Family talking to a health professional

This page includes information on a range of common concerns that parent carers may have about their child.

Eating problems

Girl not wanting to eat

Eating problems

Some children may have difficulties with feeding from birth. It is common for children to present with a ranging feeding, eating, and drinking activities and Health Visitors can support you with infant feeding and weaning.

You can also find lots of useful advice on the Infant Feeding page of the Cambridgeshire and Peterborough Healthy Child Programme website.

If you have concerns then talk with your child’s GP, health visitor or paediatrician. Young people can seek their own referrals over the age of 17 or 18 through their GP. Those who need specialist services may be referred to Dietetics, Nutrition, and to services for specialist equipment and other related support.

If your child's eating and drinking suddenly stops, or becomes very restricted, please seek medical advice from NHS 111 or your GP to ensure they are safe and well.

Eating Disorders

Eating disorders are mental health conditions where food is often used to cope with feelings and situations.
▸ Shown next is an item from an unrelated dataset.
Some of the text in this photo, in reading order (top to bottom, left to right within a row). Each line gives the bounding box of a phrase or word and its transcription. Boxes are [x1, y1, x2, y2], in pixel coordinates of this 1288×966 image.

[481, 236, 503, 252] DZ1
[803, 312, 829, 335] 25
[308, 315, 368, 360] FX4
Eating behaviours can be unhealthy and may include eating too much or not enough and being overly concerned about weight and body image.
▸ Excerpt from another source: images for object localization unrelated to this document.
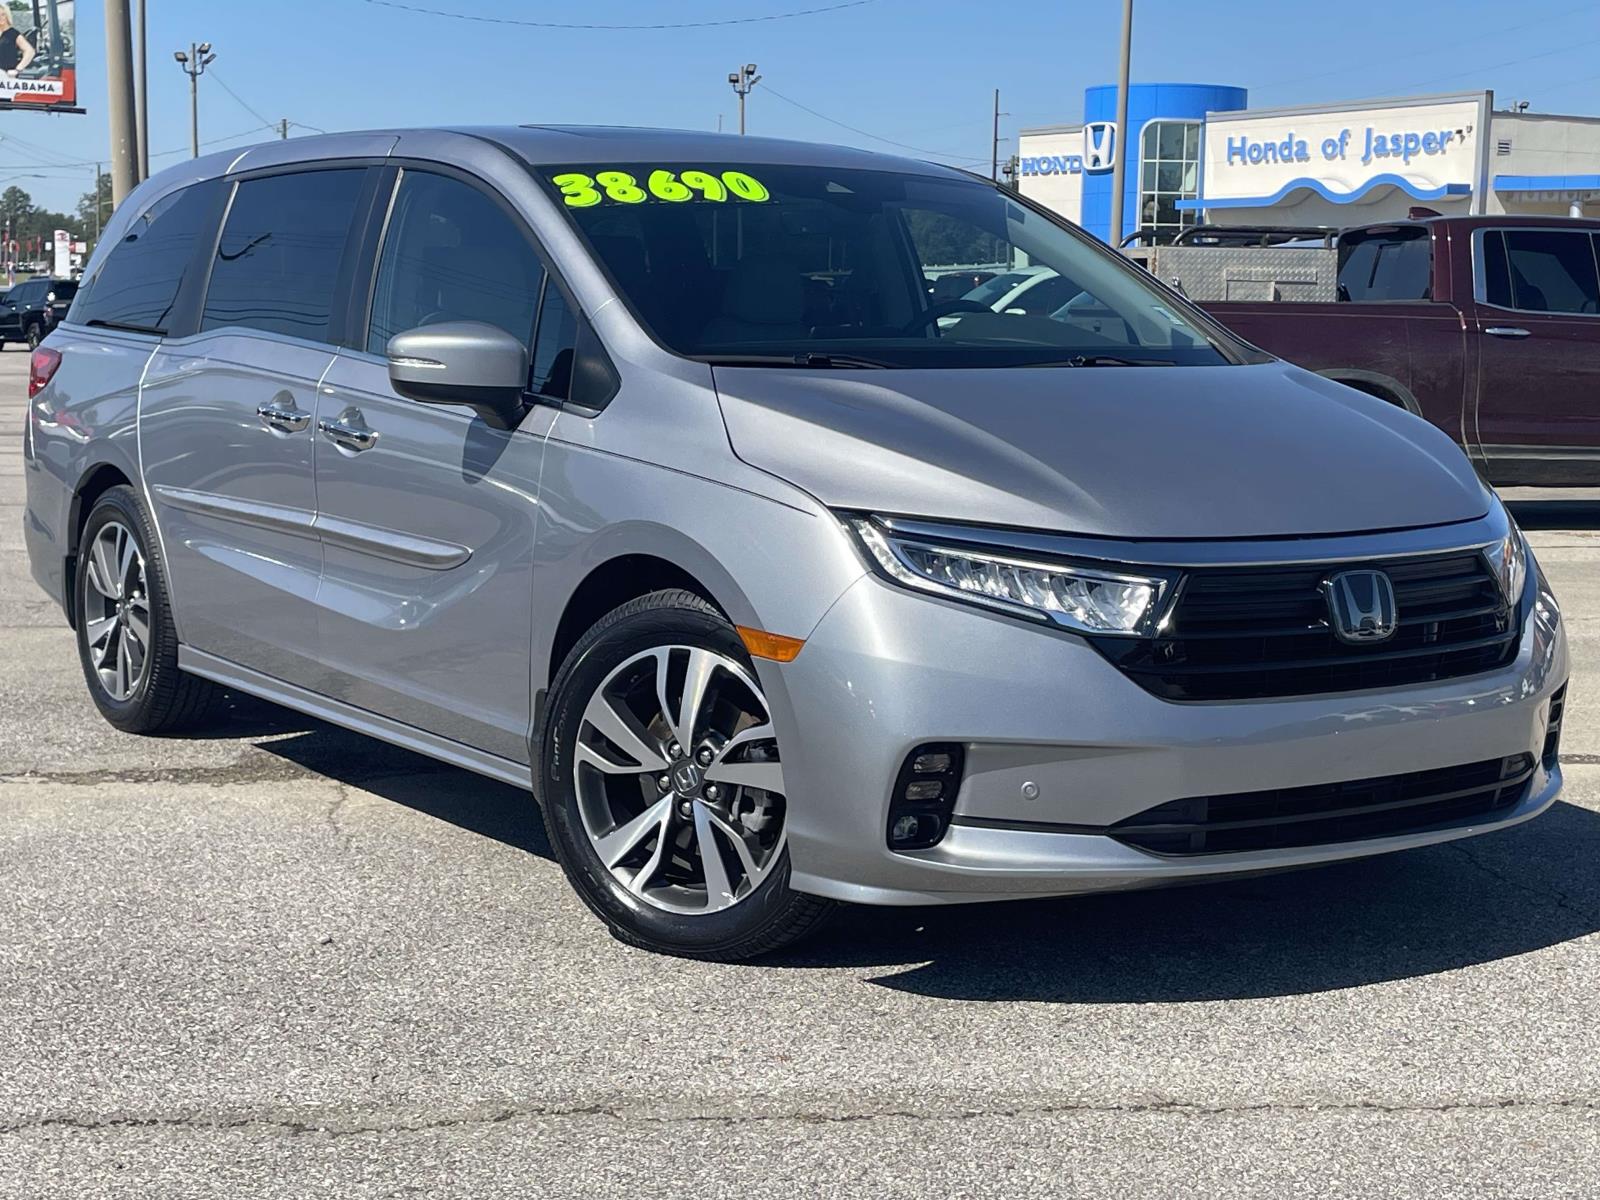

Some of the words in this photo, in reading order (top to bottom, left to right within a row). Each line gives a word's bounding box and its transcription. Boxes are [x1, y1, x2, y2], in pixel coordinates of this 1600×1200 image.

[1227, 132, 1309, 163] Honda
[1321, 128, 1350, 159] of
[1361, 127, 1453, 163] Jasper
[1021, 155, 1082, 176] HOND
[552, 169, 770, 208] 38690
Eating disorders can affect anyone at any age, but are most common in teenagers between 13 and 17.

The most common types of eating disorder are Anorexia Nervosa (AN), Bulimia and Binge Eating Disorder (BED).

Other eating disorders are other specified feeding or eating disorder (OSFED) and avoidant/restrictive food intake disorder (ARFID) which can be experienced by some children/young people with Autism. Below are links to some useful websites.

www.beateatingdisorders.org.uk

www.pedsupport.co.uk

CPFT CAMH Eating Disorder Service

The SUN network has produced a useful leaflet.

Are you caring for a loved one with an eating disorder? is useful for parent/carers to help care for someone with eating challenges.

Sensory Impairment

Blind girl reading Braille

Health services for children with sensory impairment are provided at the Child Development Centre by a team of Community Paediatricians, Speech and Language Therapists, Occupational Therapists, and Physiotherapists.

These specialist services work closely with the eye (Ophthalmology) and hearing (Audiology) services in the hospital as well as the sensory impairment service provided by the local authority as part of the SENI (Special Educational Needs and Inclusion) team.

The Paediatric Audiology Service at North-West Anglia NHS Foundation Trust (NWFAT) provides hearing assessment and advice for children for whom there is concern about hearing. They assess children aged 9 months old to 16 years old and will require a referral from your child’s GP, health visitor, school, paediatrician or speech therapist.

For those who are 16 years or older, the GP can assess and refer to services as needed.

More detailed information can be found on our Sensory Impairment page

Neurodevelopmental disorders

Little boy playing with bricks

The CAMH neurodevelopmental service works with school aged youngsters, their families, and professionals where there is already a diagnosis of neurodevelopmental conditions.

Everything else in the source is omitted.